• **AVAILABLE DATA**
::::::

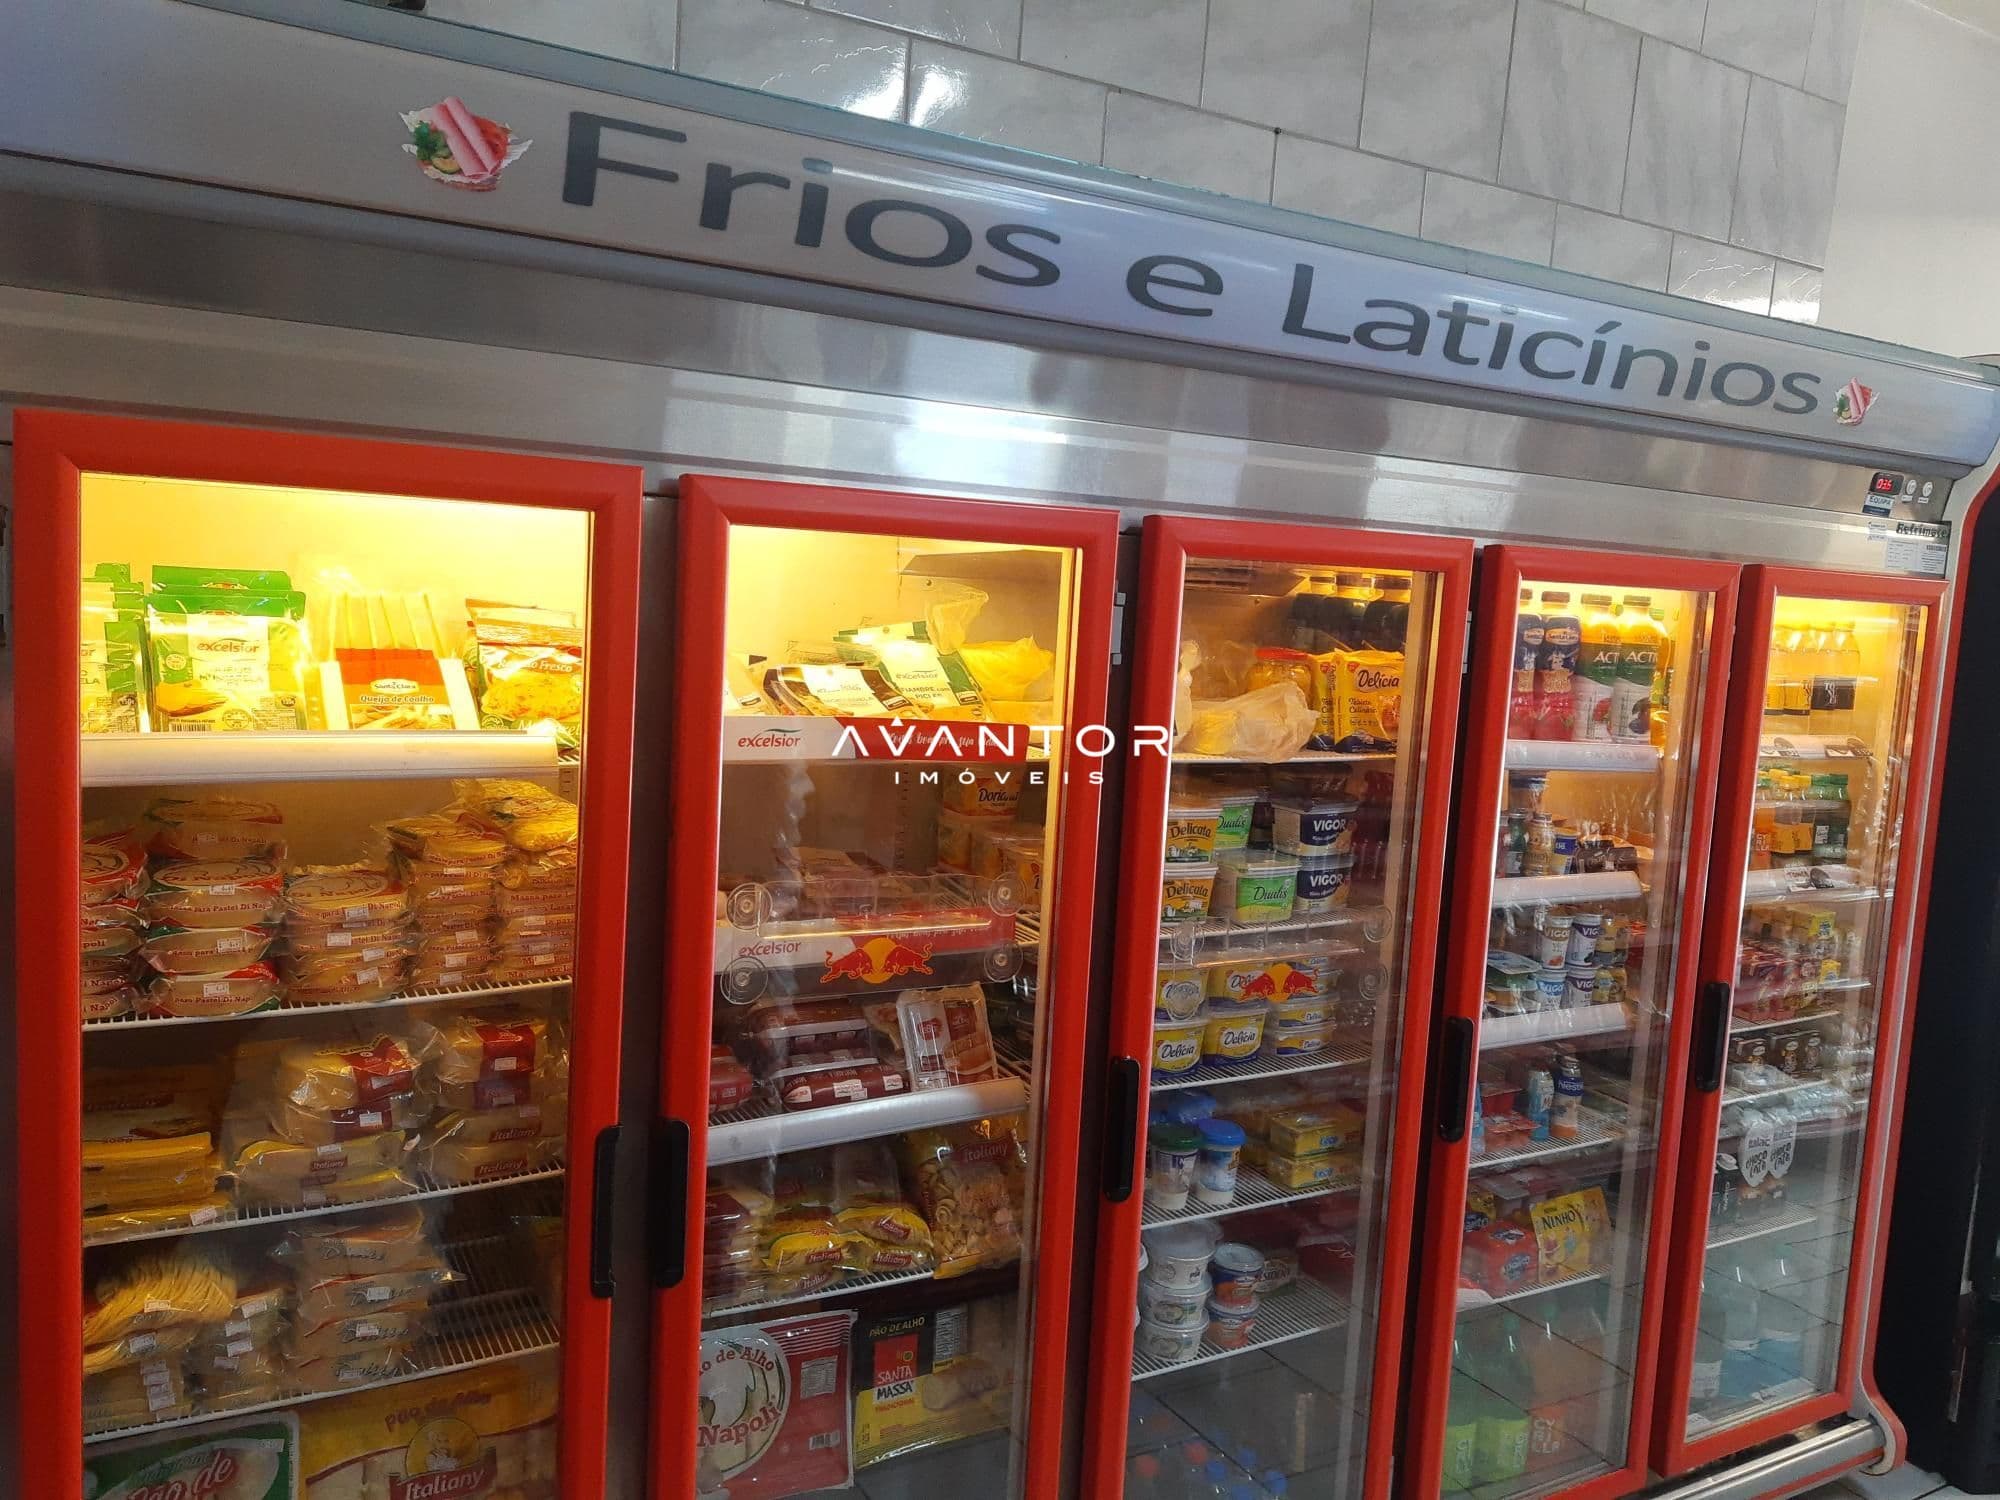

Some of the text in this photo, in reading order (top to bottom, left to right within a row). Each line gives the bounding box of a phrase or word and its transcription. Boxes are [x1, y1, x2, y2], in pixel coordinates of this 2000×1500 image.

[562, 111, 1822, 415] Frios e Laticínios
[540, 660, 573, 672] Fresco
[1357, 669, 1400, 689] Delícia
[360, 695, 389, 704] Queijo
[738, 732, 801, 748] excelsior
[1170, 822, 1212, 838] Delicata
[1313, 819, 1347, 832] VIGOR
[1310, 873, 1344, 887] VIGOR
[1166, 882, 1209, 898] Delicata
[738, 940, 802, 957] excelsior
[1223, 1030, 1256, 1045] Delícia
[1161, 1043, 1195, 1059] Delícia
[480, 1159, 522, 1174] Italiany
[1541, 1210, 1577, 1230] NINHO
[901, 1316, 926, 1329] ALHO
[716, 1349, 735, 1364] de
[877, 1365, 913, 1385] SANTA
[876, 1380, 915, 1401] MASSA
[696, 1401, 783, 1447] Napoli
[405, 1467, 485, 1500] Italiany

::::::

• **WHAT IS REQUIRED**
Take each line from the records and copy it unchanged, leaving images out.

• **RESULT FOR THIS TASK**
Some of the text in this photo, in reading order (top to bottom, left to right within a row). Each line gives the bounding box of a phrase or word and its transcription. Boxes are [x1, y1, x2, y2], in pixel coordinates of this 2000×1500 image.

[562, 111, 1822, 415] Frios e Laticínios
[540, 660, 573, 672] Fresco
[1357, 669, 1400, 689] Delícia
[360, 695, 389, 704] Queijo
[738, 732, 801, 748] excelsior
[1170, 822, 1212, 838] Delicata
[1313, 819, 1347, 832] VIGOR
[1310, 873, 1344, 887] VIGOR
[1166, 882, 1209, 898] Delicata
[738, 940, 802, 957] excelsior
[1223, 1030, 1256, 1045] Delícia
[1161, 1043, 1195, 1059] Delícia
[480, 1159, 522, 1174] Italiany
[1541, 1210, 1577, 1230] NINHO
[901, 1316, 926, 1329] ALHO
[716, 1349, 735, 1364] de
[877, 1365, 913, 1385] SANTA
[876, 1380, 915, 1401] MASSA
[696, 1401, 783, 1447] Napoli
[405, 1467, 485, 1500] Italiany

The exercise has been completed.